In short - this spontaneous Event centric weekend in Kiev was totally awesome and rewarding.

Check out tweets, if you are interested in what others feel (people are talking about sparkles in the eyes and #eventcentric cult :)

This event was organized as a part of Road-Trip 2011 with Greg Young. There were quite a few other adventures that happened along the way earlier - too much to write about. So I'll just focus on the last weekend and lessons learned.

Event Centric weekend in Kiev was a two day class held for free in Kiev. Greg Young was doing his well-known CQRS/DDD course, I've got to share some of my practical experience with such systems "in the wild" (including various cloud options).

Room was packed with 90+ people from multiple Ukrainian cities and also from a few cities in Russia.

Luxoft Ukraine helped us immensely by providing with the place to do that. Irina Odina of Luxoft deserves a medal (or two raises in salary) for staying with us through the weekends and helping with the coffee breaks. Mike Chaliy and really friendly Kiev Alt.NET community were helping with afterparties, logistics and coping with unexpected.

Here's what I've learned during this event:

One of the best ways to strengthen your understanding in a field is to speak and share. For instance, I've learned a lot simply by explaining aggregates and sagas to the audience and then seeing that not everybody gets a clear and coherent picture. Or, when you get an question from an audience, and you know an answer to that question, but can't explain this immediately in clear and concise language immediately. Then Greg comes in with his explanation and reveals missing pieces and steps in my own explanation and understanding.

Showing my own hacks to the theory and practice (and sharing how everything works really nicely in distributed teams and cloud environments) is always a pleasure of its own.

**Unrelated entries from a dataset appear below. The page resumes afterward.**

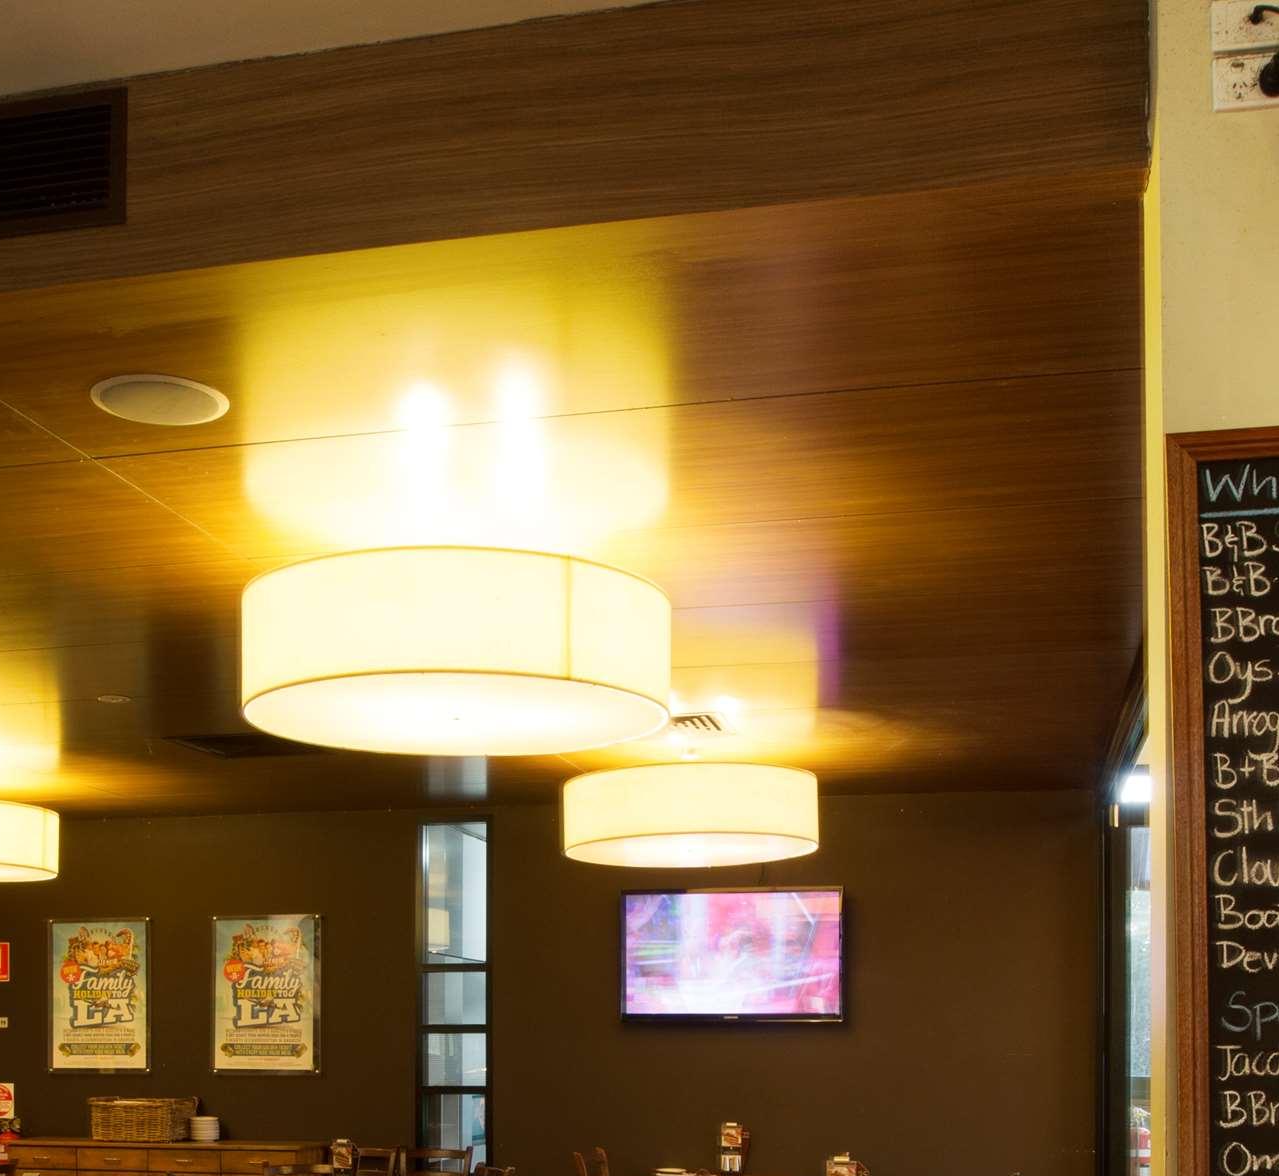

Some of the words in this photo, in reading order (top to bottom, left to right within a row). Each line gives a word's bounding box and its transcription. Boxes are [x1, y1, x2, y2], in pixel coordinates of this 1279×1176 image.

[1213, 798, 1273, 838] Sth
[73, 965, 134, 997] Family
[74, 990, 110, 999] HOLIDAY
[236, 964, 300, 996] Family
[237, 990, 276, 998] HOLIDAY
[73, 998, 134, 1027] LA
[237, 998, 300, 1026] LA

There were a few smaller realizations of its own along the way. The most important one of them was about more clear and focused picture of bringing multiple complex systems together in a way to limit complexity and facilitate development (obviously, with limited time and resources). Basically that's the a-ha understanding of how to separate elements of a distributed systems (bounded contexts, sagas, services, cloud scalability points), while keeping each element highly specialized (and relatively simple).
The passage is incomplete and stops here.